A 15 anni, Corliss ha portato Bretagne al memoriale del 9/11 e ha goduto di un giro in taxi attraverso Times Square. È stata soppressa in una clinica veterinaria di Houston, in Texas, nel giugno del 2016 all’età di 16 anni.
Nel 2017, il retriever è stato onorato con una statua di bronzo a grandezza naturale nella zona residenziale di Cypress, in Texas.
Coby e Guinness
Due Labrador retrievers di nome Coby e Guinness sono stati entrambi impiegati per aiutare negli sforzi di recupero al World Trade Center. Entrambi hanno cercato instancabilmente tra le macerie degli edifici crollati, spesso per 12 ore durante la notte.
Entrambi i cani hanno trovato i resti di decine di persone e hanno coperto un’area che andava oltre la portata di qualsiasi cosa per cui erano stati addestrati.
Coby, il labrador nero, aveva solo sei anni quando è stato mandato ad aiutare. È morto nel 2011 dopo aver perso l’udito.
I dettagli su Guinness, il labrador giallo, sono scarsi, ma entrambi i cani sono tornati a casa nel sud della California prima di morire.
Sage
Sage, un border collie che è diventato un cane da ricerca e soccorso all’età di 18 mesi, ha setacciato le macerie del Pentagono dove ha trovato il corpo di uno degli dirottatori del volo 77.
È stato successivamente dispiegato in Iraq nel 2007 per cercare soldati statunitensi catturati o uccisi dagli insorti.
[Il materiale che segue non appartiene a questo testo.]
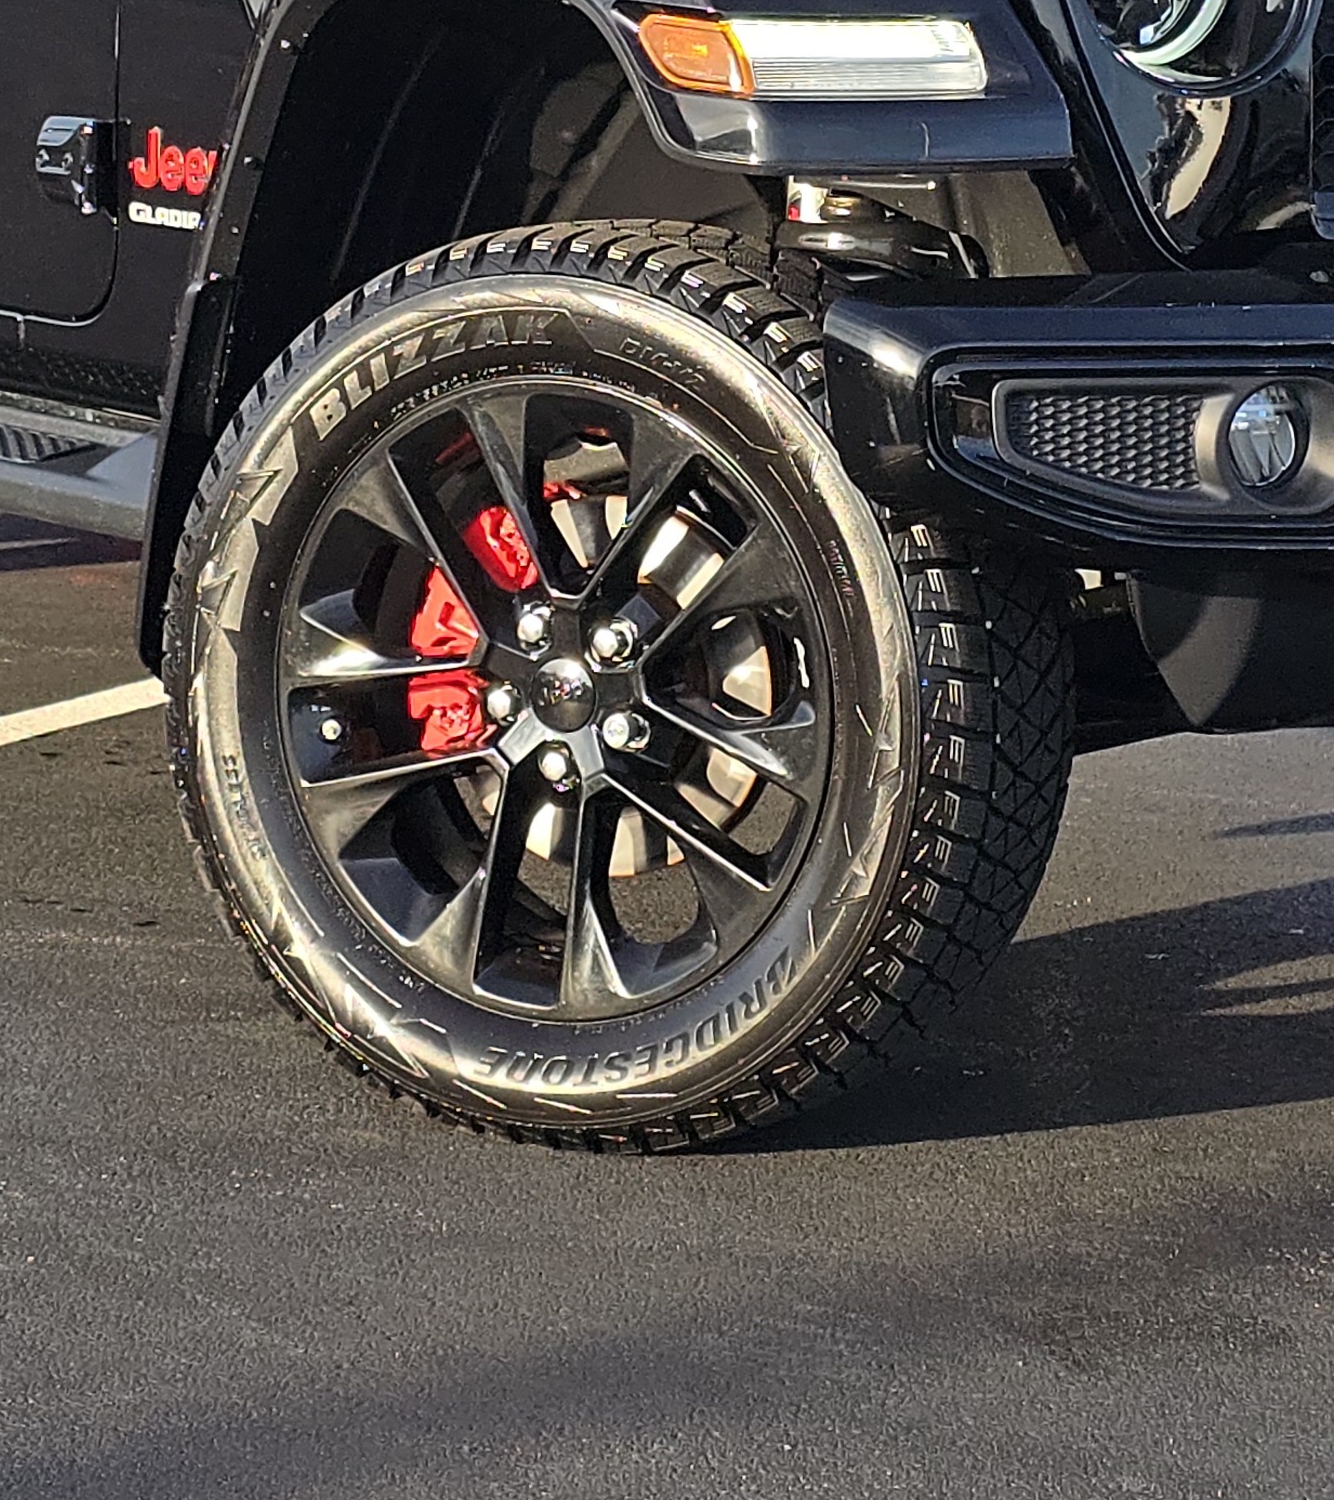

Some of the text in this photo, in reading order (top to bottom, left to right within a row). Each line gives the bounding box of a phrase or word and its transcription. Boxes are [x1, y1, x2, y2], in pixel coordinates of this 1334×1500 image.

[128, 201, 204, 231] GLADIA
[308, 310, 561, 441] BLIZZAK
[473, 944, 796, 1086] BRIDGESTONE
Sage ha anche aiutato negli sforzi di soccorso durante l’Uragano Katrina e Rita, è stato nominato Cane Eroe nel 2011 dall’American Humane Association, ma ha sofferto di due forme di cancro alle vie respiratorie.
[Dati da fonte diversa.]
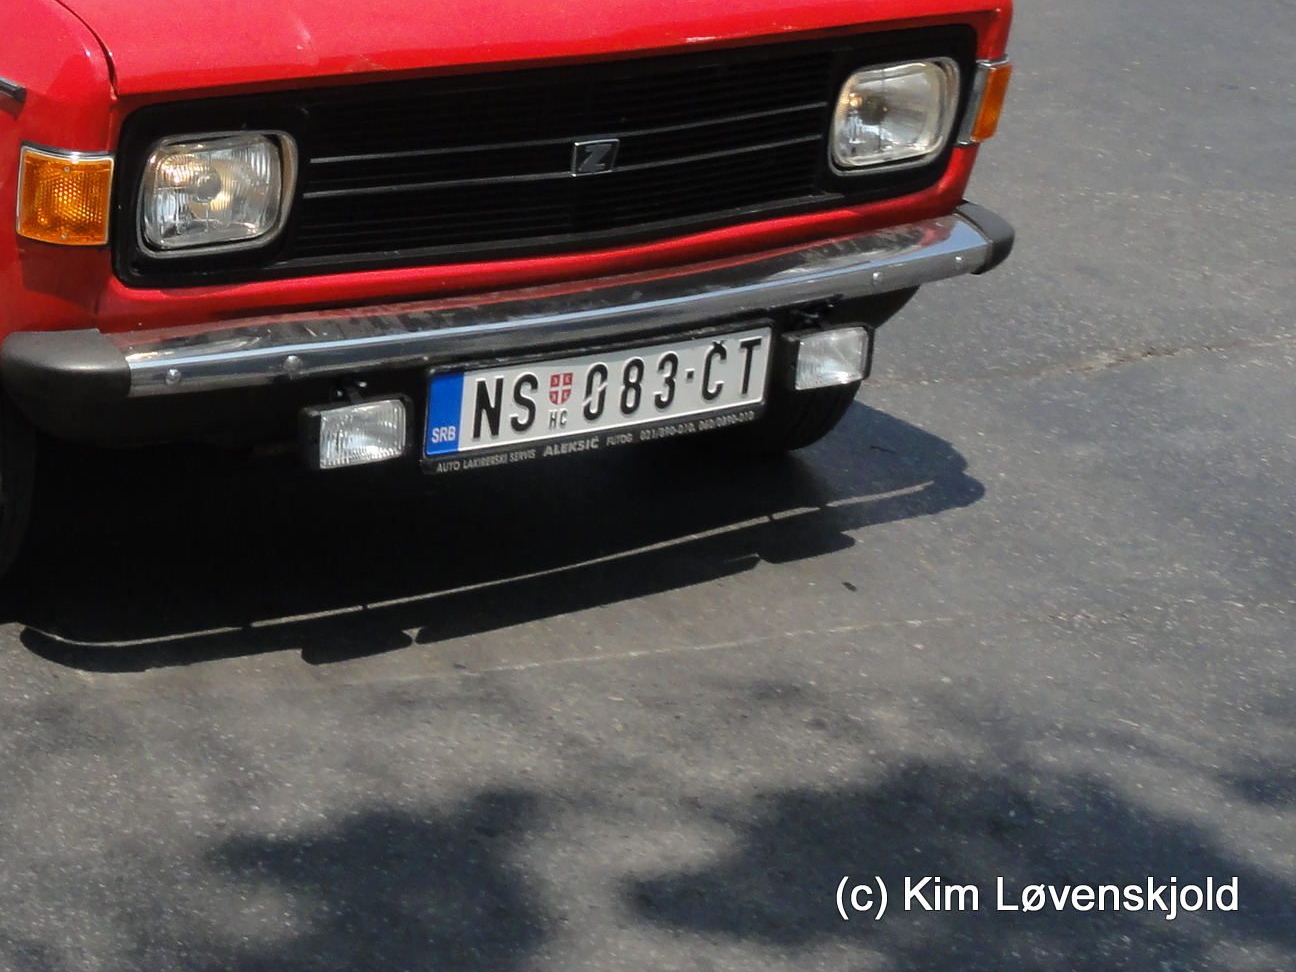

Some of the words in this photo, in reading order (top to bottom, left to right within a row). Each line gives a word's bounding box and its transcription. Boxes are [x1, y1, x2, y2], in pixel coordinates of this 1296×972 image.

[472, 372, 539, 439] NS
[431, 426, 456, 444] SRB
[436, 461, 461, 473] AUTO
[509, 449, 536, 462] SERVIS
Non si sa quando Sage sia morto.
Jake
Black Labrador Jake era un cane randagio con una gamba rotta e un’anca lesionata che è stato salvato a 10 mesi.
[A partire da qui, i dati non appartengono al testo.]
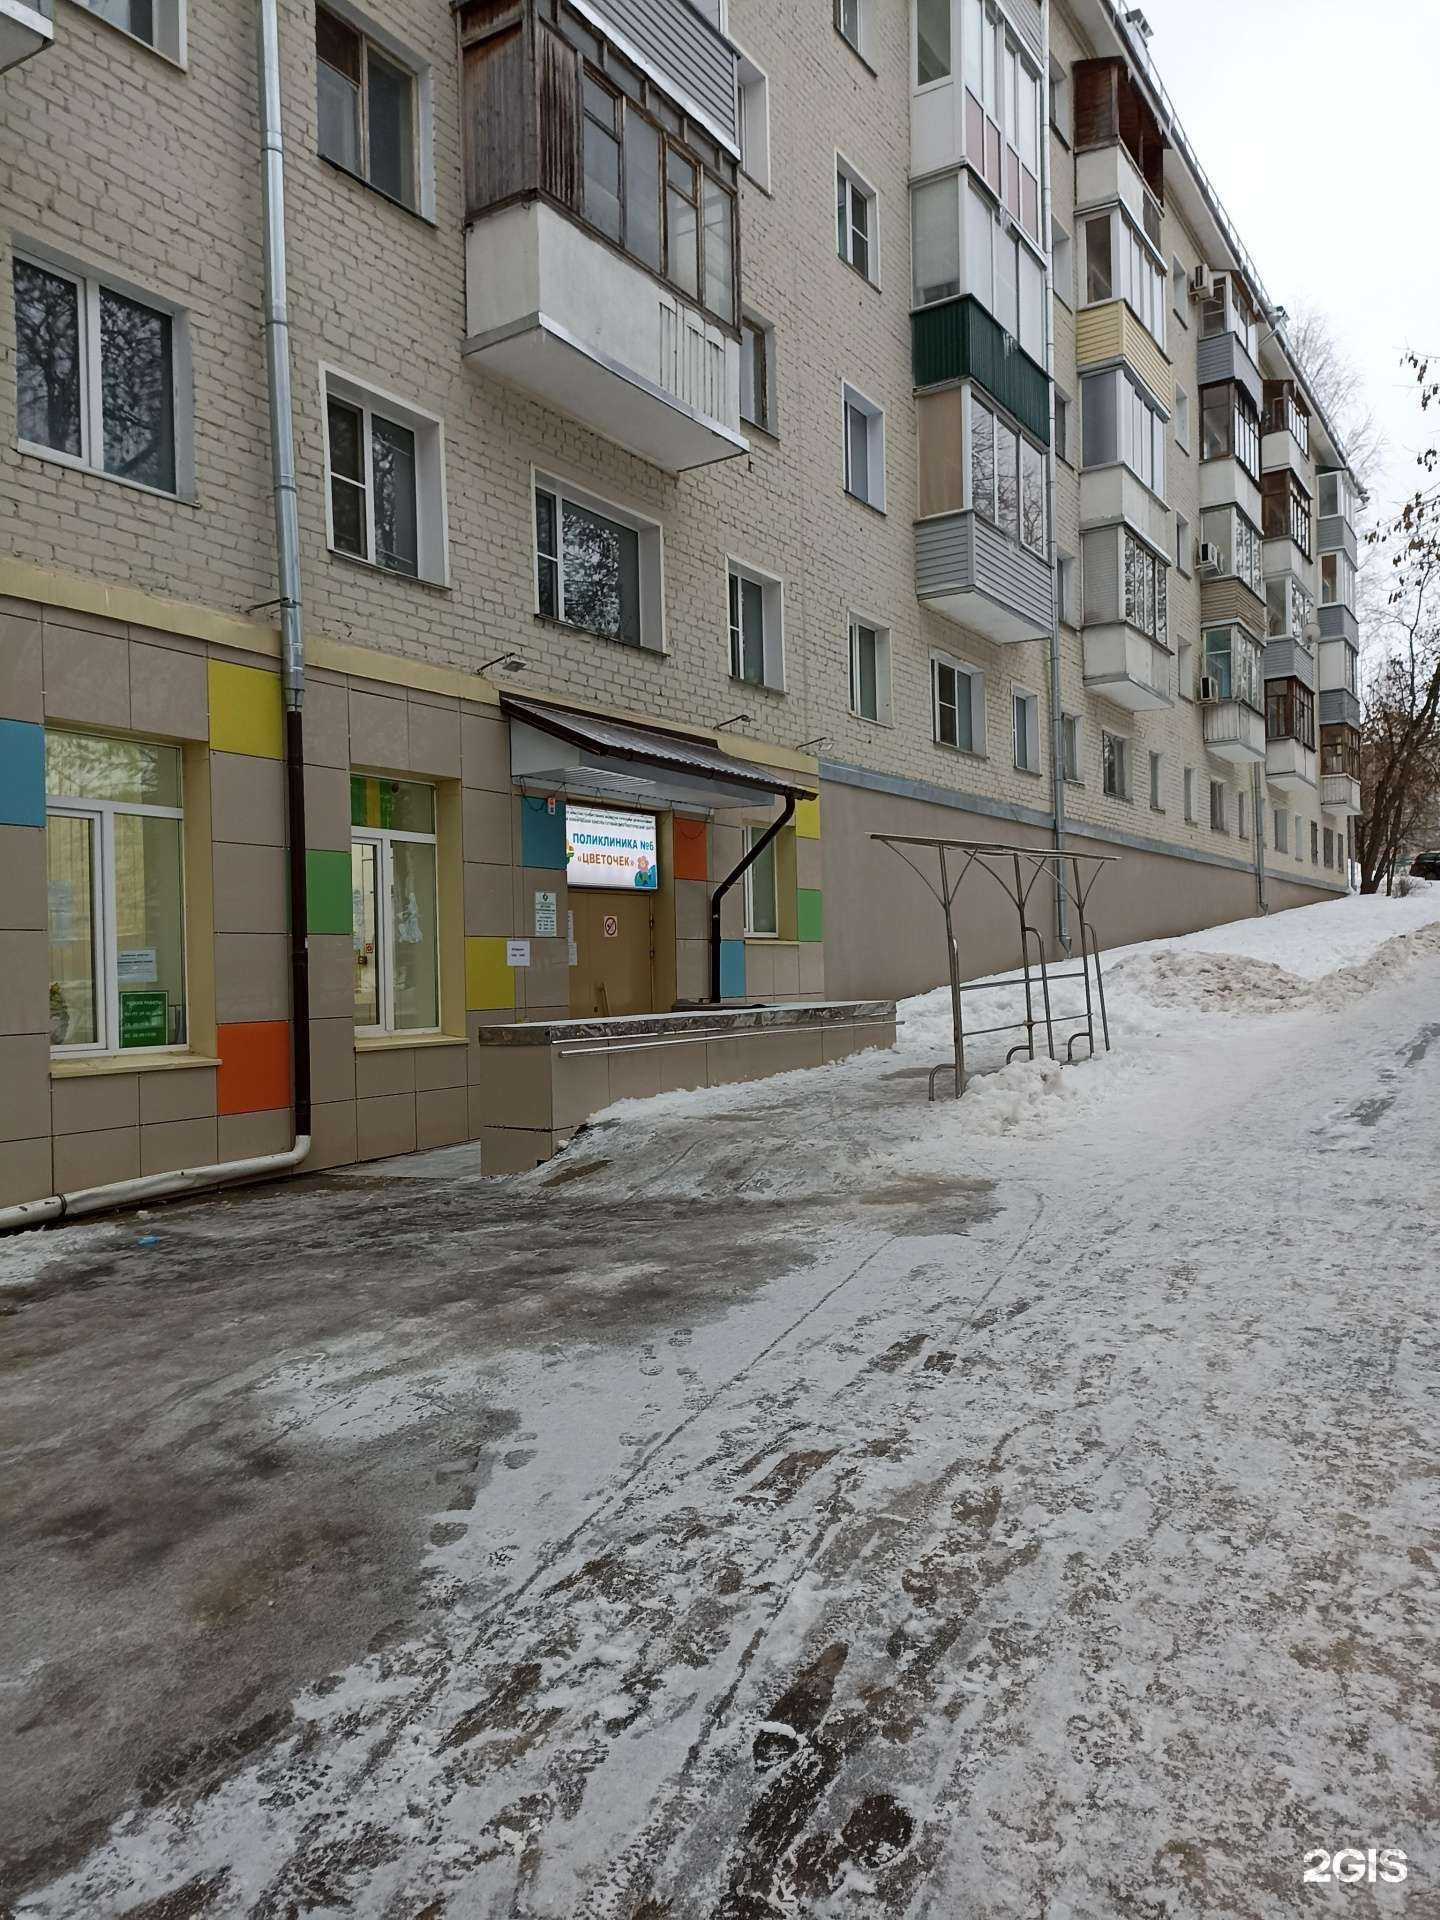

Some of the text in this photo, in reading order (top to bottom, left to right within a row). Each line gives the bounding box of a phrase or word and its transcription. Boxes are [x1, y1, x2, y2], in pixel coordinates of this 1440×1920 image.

[572, 833, 654, 851] ПОЛИКЛИНИКА №6
[577, 853, 635, 867] «ЦВЕТОЧЕК»
È stato curato dalla sua handler, Mary Flood, ed è stato trasportato dall’Utah a New York per aiutare negli sforzi di ricerca e salvataggio al sito dell’11 settembre.
Lavorando per un totale di 17 giorni, Jake ha cercato sopravvissuti e resti umani sul sito prima di essere trattato con una cena di bistecca in un ristorante di lusso di New York.
Ha anche continuato ad aiutare negli sforzi di recupero dopo l’Uragano Katrina, dove ha trovato e aiutato a salvare i sopravvissuti. Più avanti nella vita, Jake ha lavorato come cane da terapia per bambini e anziani.
Dopo essere stato portato per un’ultima passeggiata vicino alla sua casa da Mary Flood, è stato soppresso nel 2007.
L’eredità di questi cani da ricerca e soccorso durante gli attacchi dell’11 settembre continua a vivere, ricordandoci l’importanza del ruolo che gli animali possono svolgere in momenti di crisi e tragedia. Il loro coraggio e dedizione hanno ispirato molte persone e le loro storie rimarranno per sempre nella memoria di coloro che sono stati toccati dagli eventi di quel giorno.